Accessibility API Hooks

  • SVG needs to provide structural semantics defined by the native language to allow an assistive technology to be able to supply contextual information in an alternative rendering such as speech
    • Structural semantics is derived from the DOM plus added structural/contextual semantics from ARIA (aria-owns, aria-setsize, aria-posinset, etc.). Either a separate shadow DOM or it must be derived from the SVG DOM
    • There are benefits of providing this capability through the SVG DOM directly vs. the canvas strategy that relies on the use of HTML fallback content. Canvas authors having to maintain a shadow DOM have, to some degree double duty, yet the also benefit from ATs already supporting the HTML DOM,
  • SVG Accessibility API mappings are either inconsistent or non-existent across the browsers. This needs to be defined like we are doing for ARIA and HTML 5
  • Define a way to process selected content in SVG so that the selected content is interoperable with assistive technologies through the platform accessibility APIs.

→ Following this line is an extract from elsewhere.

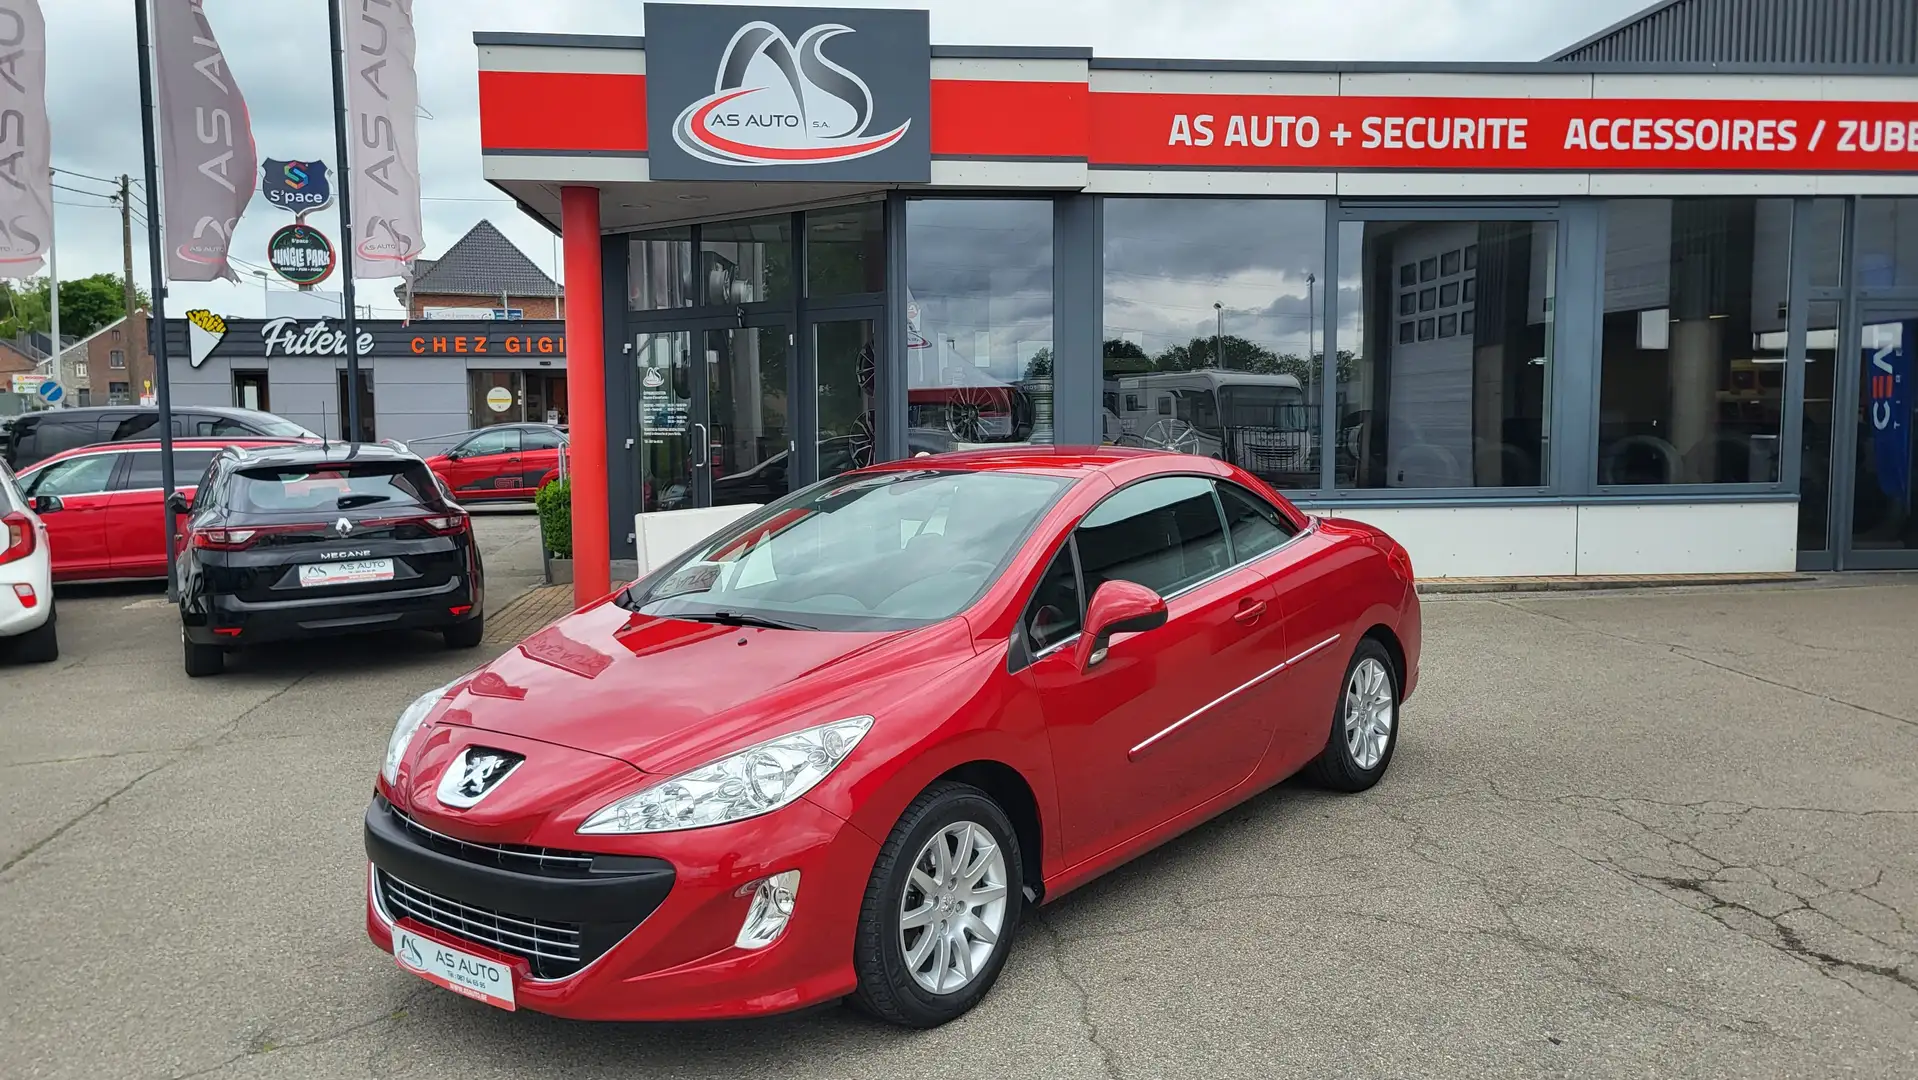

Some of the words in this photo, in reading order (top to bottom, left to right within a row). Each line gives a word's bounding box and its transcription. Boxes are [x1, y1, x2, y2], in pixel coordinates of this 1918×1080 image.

  • The above efforts will allow SVG to be interoperable with most existing accessibility API today. However, we need to look at the host language and create a new taxonomy for drawings that conveys drawing types (roles) and their states and properties and either place them in the SVG host language or in ARIA. In some cases you may want to have an SVG element vs. a role. This work may result in us having to create new platform accessibility API extensions to all the platforms and ARIA extensions. There are ways to make this happen and I can help with that.
  • Include key ATs in the implementation plans. One of the challenges SVG will have is ATs use a mix of the HTML DOM and platform accessibility APIs on Windows. We need to make sure that ATs are aligned with SVG interoperability plans (markup to API).